Diaframma – Siberia: Il Collezionista Di Ossa #25

Camminando nei meandri oscuri dei magazzini di Impatto Sonoro ci siamo imbattuti in molti cadaveri, interessanti resti umani che il tempo ha dimenticato e che abbiamo deciso di riportare alla luce per non lasciare alla polvere tutte queste avvincenti storie. Afflitti dalle nostre turbe ci sentiamo un misto tra The Bone Collector e Karl Denke. Presentarvi direttamente il corpo non sarebbe abbastanza frizzante, pertanto ci siamo imposti che ogni numero di questa rubrica sarà composta da tanti piccole falangi tagliate che vi doneremo come pillole. Starà a voi seguire le tracce al suon di musica e arrivare goduriosamente al corpo del reato.
Recensioni di dischi finiti nel dimenticatoio, ristampe di glorie del passato, bootleg, archivi musicali e nuove uscite in formato musicassetta.

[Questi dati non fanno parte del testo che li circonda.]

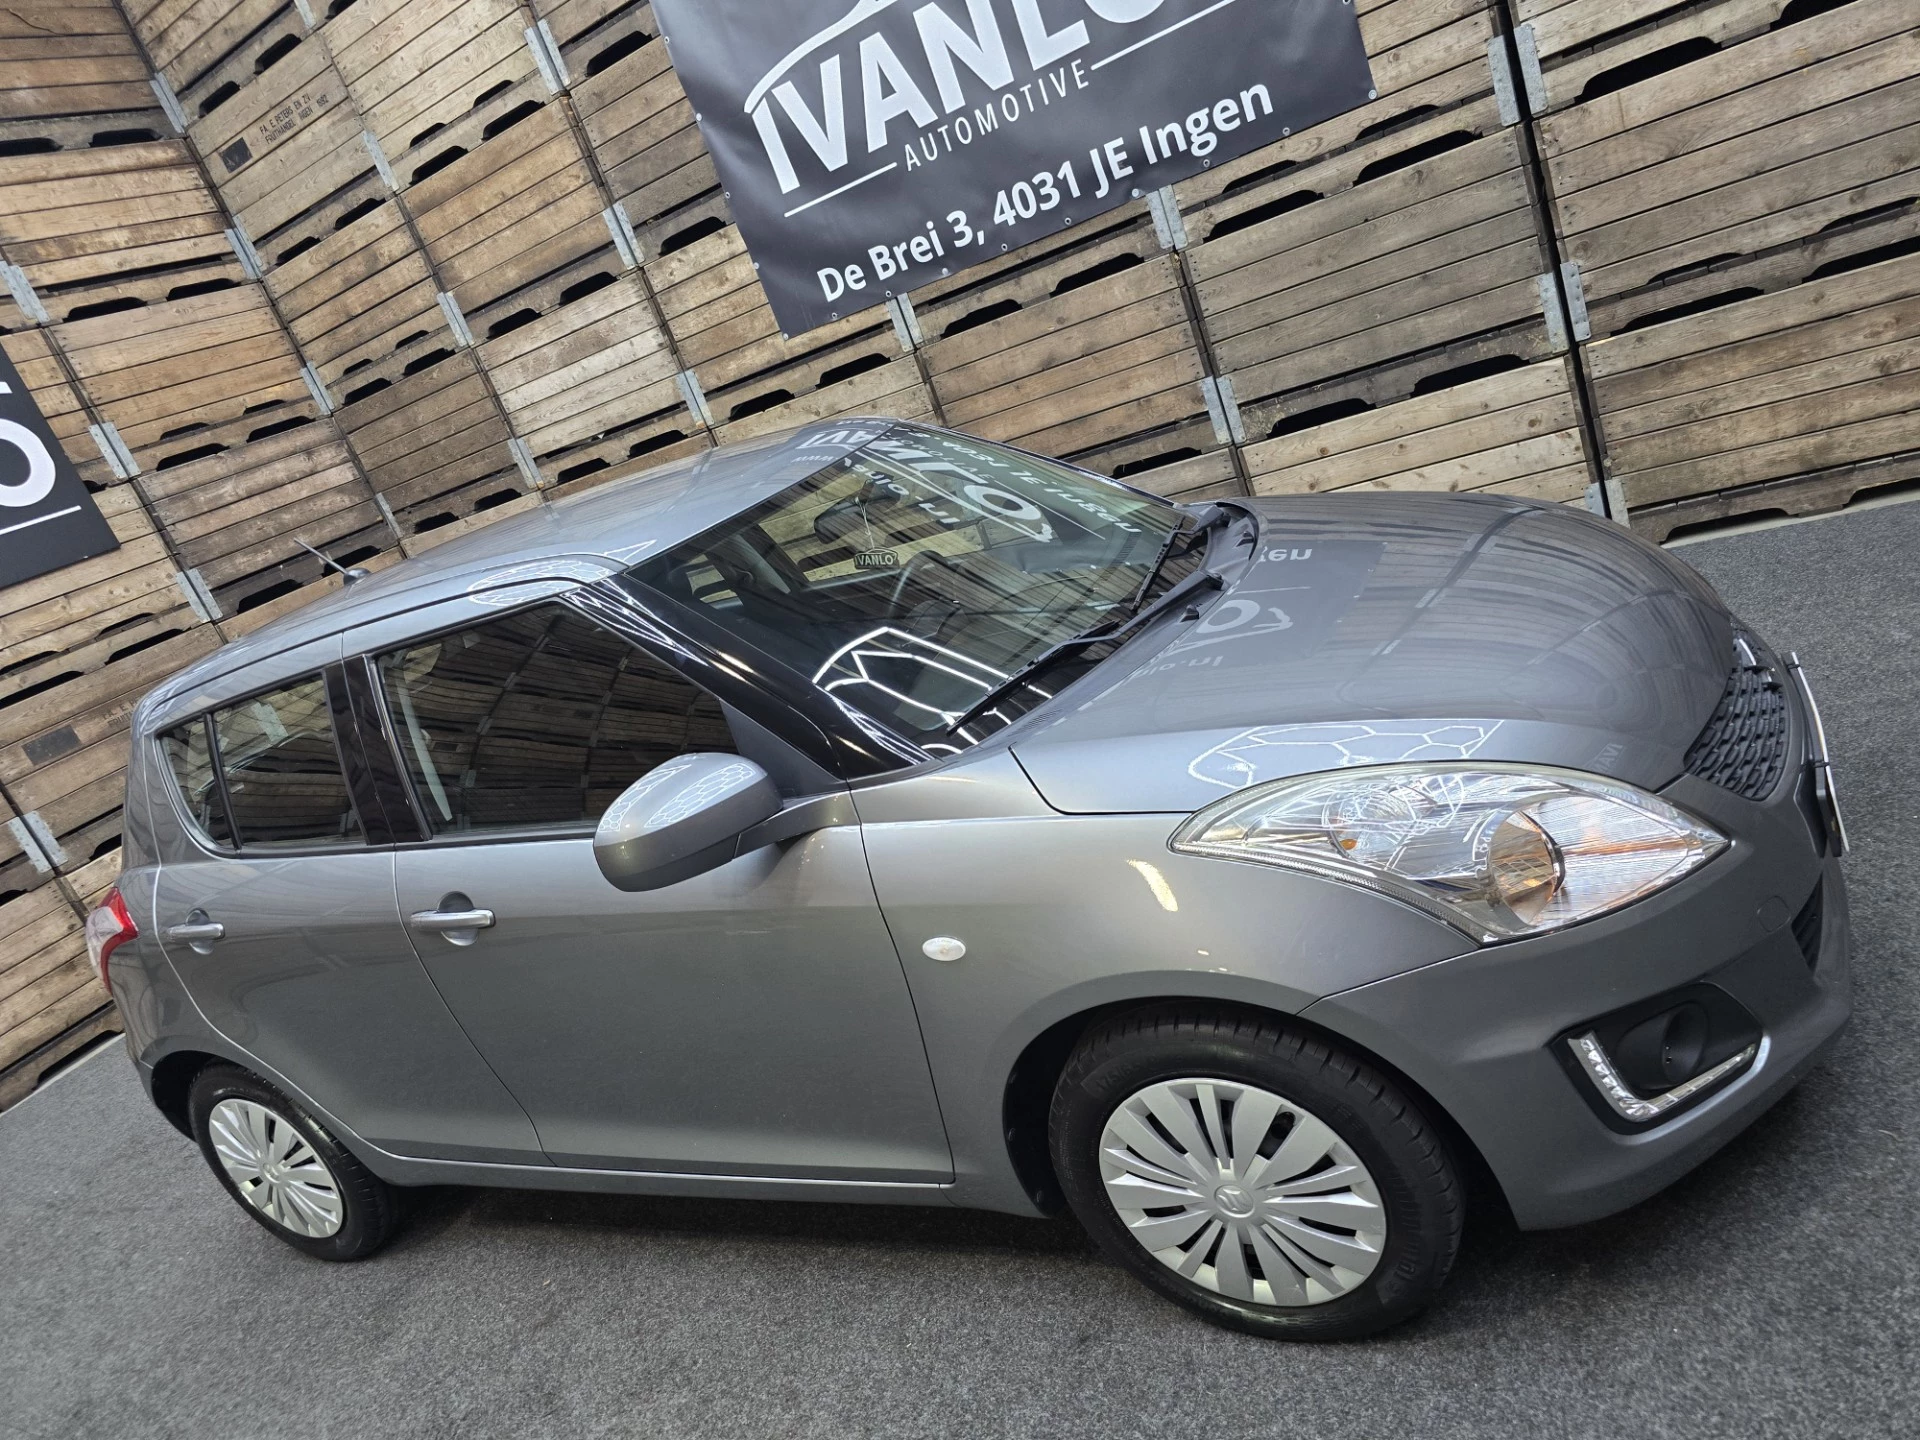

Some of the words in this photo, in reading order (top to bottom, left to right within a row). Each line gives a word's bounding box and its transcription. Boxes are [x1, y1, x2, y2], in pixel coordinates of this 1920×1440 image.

Dalla minimal wave all’industrial, passando per gruppi underground est europei, giapponesi e catacombe innominabili.

A cura di Francesca Marini.

diaframma-siberia-frontQuando penso a “Siberia” dei Diaframma, mi viene in mente un quadro: “La Gazza” di Monet.

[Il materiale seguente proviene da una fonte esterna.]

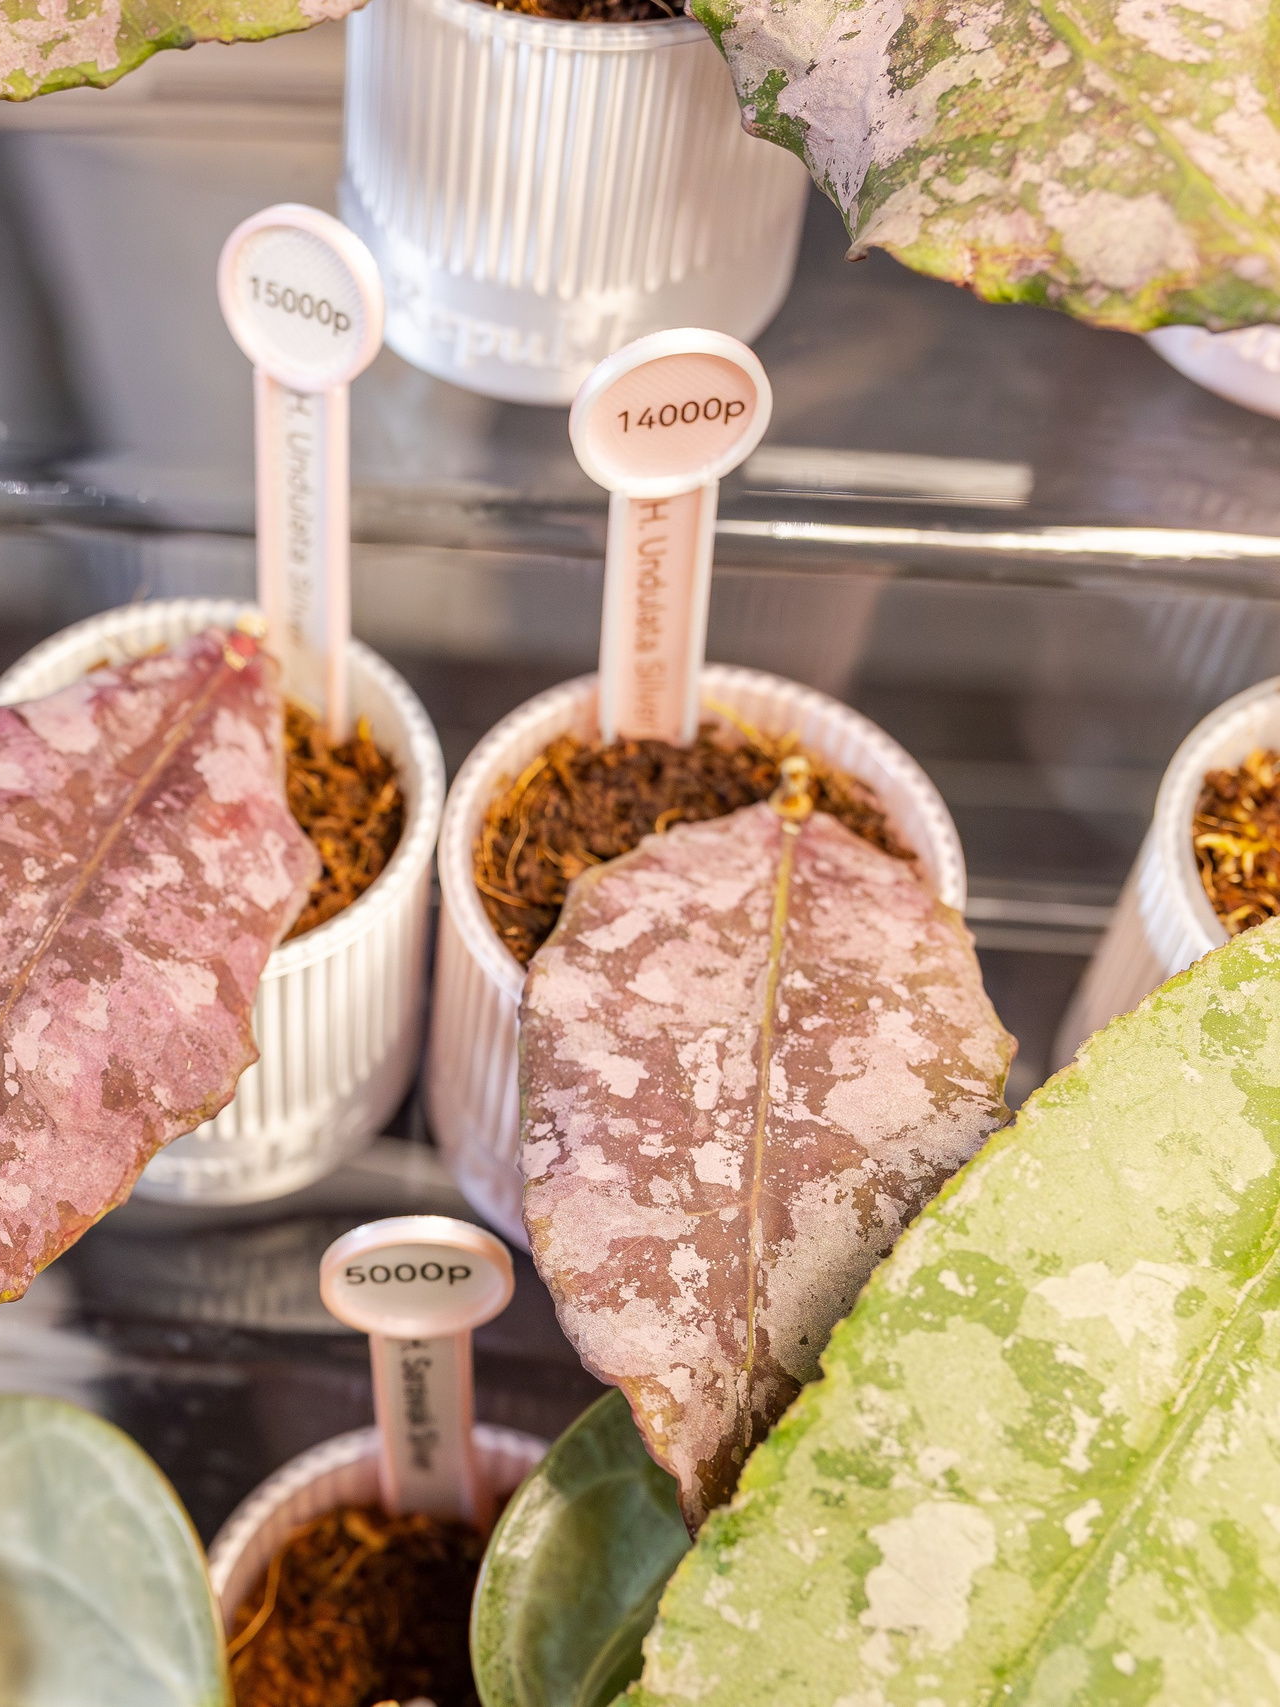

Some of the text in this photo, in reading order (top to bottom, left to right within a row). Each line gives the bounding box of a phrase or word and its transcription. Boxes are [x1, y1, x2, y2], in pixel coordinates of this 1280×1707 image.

[249, 275, 352, 337] 15000p
[617, 396, 746, 434] 14000p
[285, 429, 314, 567] Undulata
[637, 500, 670, 532] H.
[634, 534, 670, 655] Undulata
[345, 1261, 472, 1286] 5000p

E mi viene in mente perché il pensiero va subito alla neve, neve in quantità industriali che ricopre ogni cosa con il suo candore e la sua morbidezza. “Siberia” è un disco fatto di neve. E non solo perché è stato pubblicato a dicembre, ma perché dentro c’è l’inverno. E va recensito con l’inverno nel cuore.
Poi magari, fuori può anche essere estate. Rispolvero questa vecchia gloria del 1984 perchè è da poco uscita una bellissima versione deluxe con tanto di Lp originale in vinile, cd e concerto inedito (Modena, 4 gennaio 1985) trent’anni dopo la pubblicazione dell’album.

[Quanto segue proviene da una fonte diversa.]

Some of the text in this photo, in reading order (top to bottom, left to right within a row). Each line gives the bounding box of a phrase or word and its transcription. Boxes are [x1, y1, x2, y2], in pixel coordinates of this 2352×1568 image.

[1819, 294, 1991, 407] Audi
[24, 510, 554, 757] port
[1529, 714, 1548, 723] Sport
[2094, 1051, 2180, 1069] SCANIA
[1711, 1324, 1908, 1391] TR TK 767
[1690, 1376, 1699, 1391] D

Trent’anni di carriera per il gruppo fiorentino, perché con “Siberia” tutto ebbe inizio.
Atmosfere dark ereditate da gruppi come Joy Division e The Cure e sonorità Post-Punk tipiche di quell’epoca. Ma l’elemento fondamentale del primo lavoro dei Diaframma è il simbolismo dei testi di Fiumani, vere e proprie poesie che trivellano l’animo umano. Parole semplici che riescono ad evocare immagini suggestive, a riflettere l’anima su un lago ghiacciato, lo specchio sempre un po’ inquietante dell’introspezione.
Cieli grigi, notti gelate, temperature sotto zero. Forte disagio interiore, la voglia di stare da soli nella propria stanza con la musica come unica compagnia. Il volere qualcosa impossibile da ottenere. Niente violenza, niente scenari macabri alla Ian Curtis, ma una decadenza tesa ad un flebile e lontano raggio di luce che squarcia il grigiore quotidiano. Ogni desiderio sepolto sotto svariati metri di neve. Questo è “Siberia”. “Siberia” è dentro di noi. È il freddo che a volte ci avvolge. Orgoglio della musica italiana, esempio di pura musica d’autore, antitesi della solita canzonzina sanremese tutta amore e cuoricini.
Toni amari, tinte fosche. La vita nuda e cruda con tutte le sue incertezze e le sue delusioni. Ma anche gli inverni più rigidi e lunghi finiscono e ogni albero può ritornare a fiorire.
“Siberia” dei Diaframma è bello perchè è una chiacchierata a tu per tu con il cuore delle persone.
Una conversazione intima. Il manifesto del decadentismo in musica. Uno dei più grandi gruppi italiani di sempre ed uno dei più grandi album della storia della musica italiana.